The Observer’s linotype machine prominently displayed in the Village Gallery of Columbia Pacific Heritage Museum (CPHM) is a Mergenthaler Linotype Co. model 5 #15131. It was the primary machine used for eight decades by the Chinook Observer.  In 1900, the Observer was started by George Hibbert and Frank Gaither in Chinook and in 1938 James O’Neil moved the Chinook Observer to Long Beach, where it kept the original name and where it has been ever since. 

J.M. “Jimmie” O’Neil and co-worker Lee Marsh finally said goodbye to the linotype machine in the early 1970s and it has been on loan at CPHM since. In 1963, Wayne O’Neil took over as editor of the Observer and he and wife Frances worked there until 1983.

“We consider the newspaper public property. The plant (and linotype machine) is privately owned, but the newspaper belongs to the people. The editor’s obligation first, last and always is to see that this publication is handled for the best interests of the majority and may God help us all to live up that standard,” Jimmie O’Neil stated in the first Observer issue he put out.  

Linotype users typically took information from rough drafts and proofreaders were expert at reading print in reverse. (Try reading a book in a mirror to see their dilemma.) “I used to read the pages upside down. It made reading the reverse type easier for me. After awhile you got used to it,” Frances O’Neil recollects.

Jimmie O’Neil’s early days of being the only newsman and on call around the clock meant that he was so short-handed he often had to exclude the copy writer and proofreader. He would do all the composing at the 90-character keyboard and put his work “to bed” himself. He did this until his first vacation in 1952, after 14 years at the linotype.  “A whole week off!” he exclaimed.
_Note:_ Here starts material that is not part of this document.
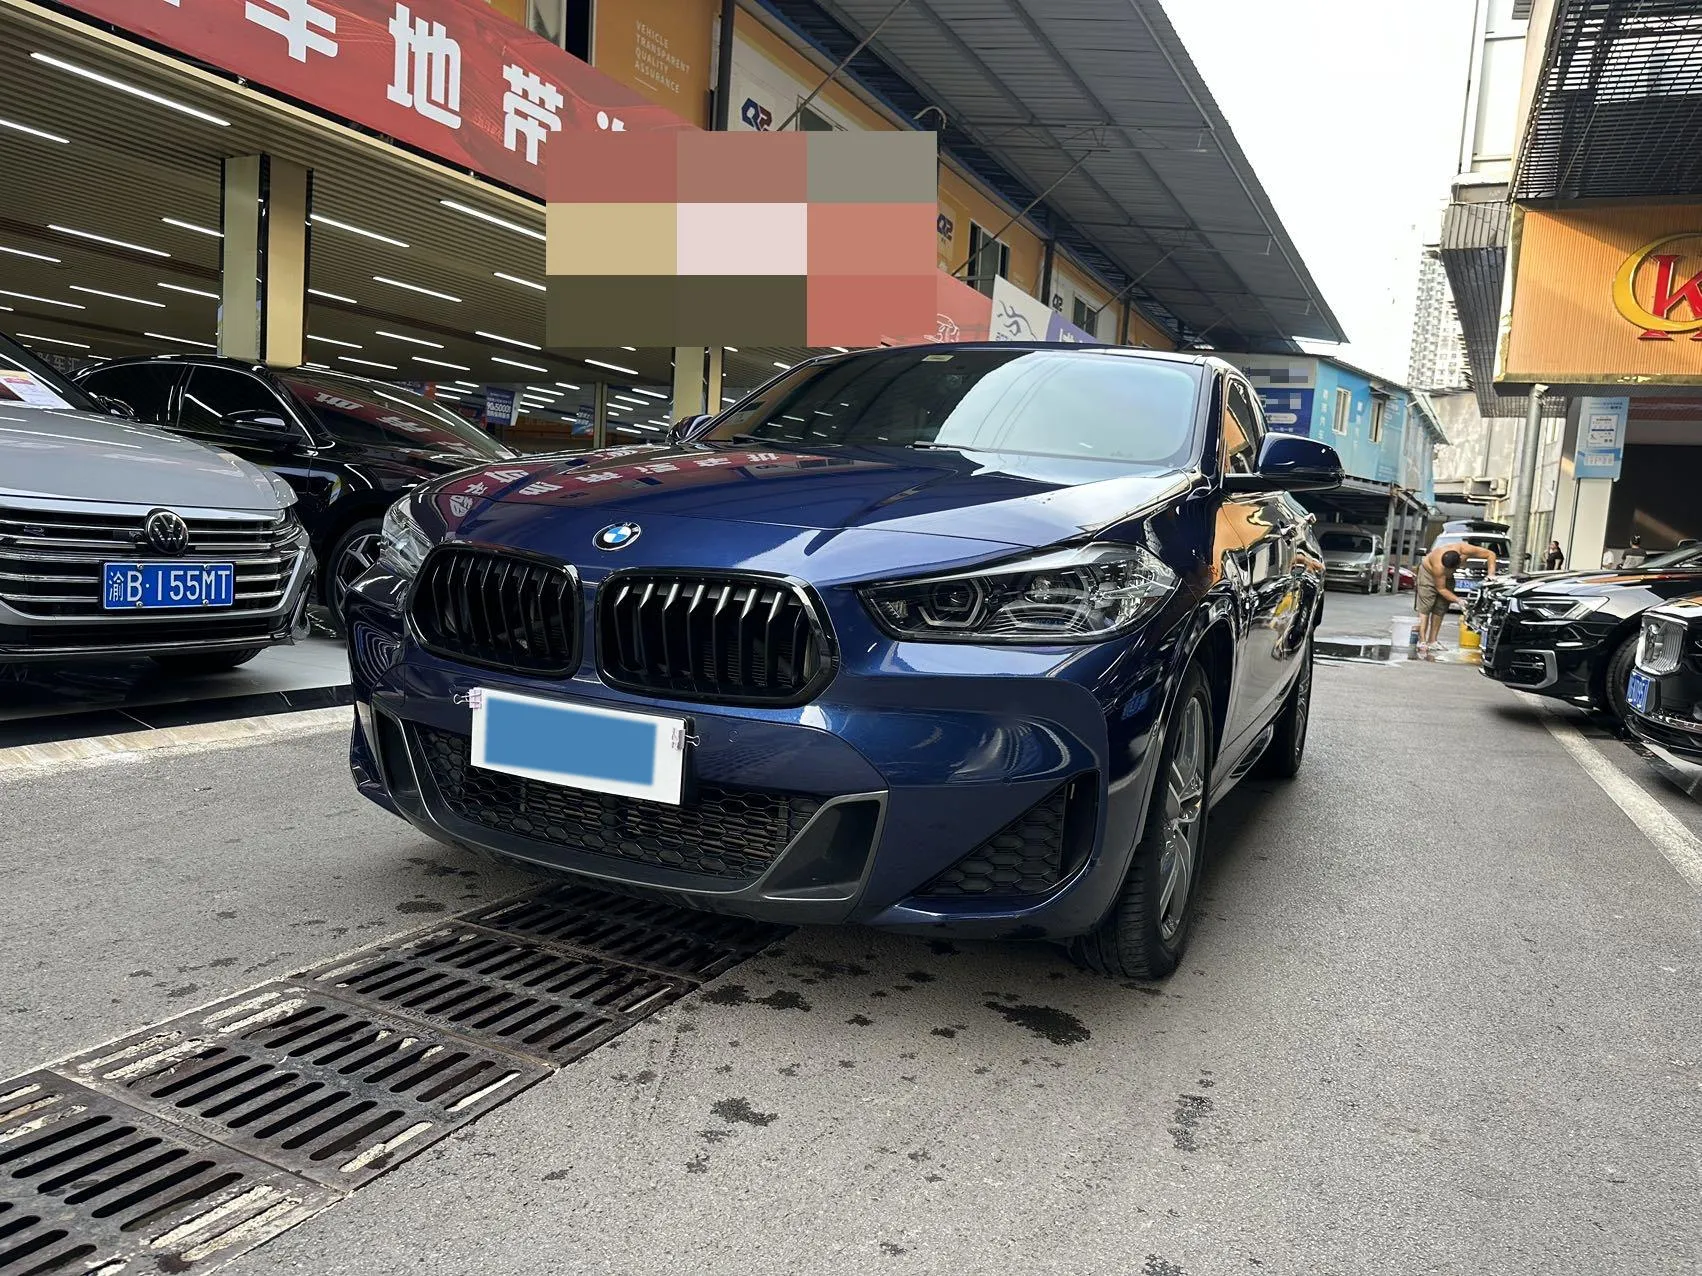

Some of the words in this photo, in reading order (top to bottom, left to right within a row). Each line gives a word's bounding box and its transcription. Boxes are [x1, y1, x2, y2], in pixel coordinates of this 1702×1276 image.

[636, 20, 669, 49] VEHICLE
[635, 47, 669, 75] QUALITY
[636, 33, 690, 75] TRANSPARENT
[634, 60, 680, 94] ASSURANCE
O’Neil’s editorials were often to the point and met serious local concerns. He wrote in Aug. 14, 1953, “One bad accident averted at 101 - Peninsula Rd. intersection through the use of a blinker would be money well spent.” Two decades later his son, Wayne, would write a similar piece about a school child killed at the same intersection that now features a seeing-eye stop light.

“Sometimes we’d drop off the newspapers at the post office after midnight on Thursdays so they’d be ready to mail. The Observer office was our second home,” Frances O’Neil related.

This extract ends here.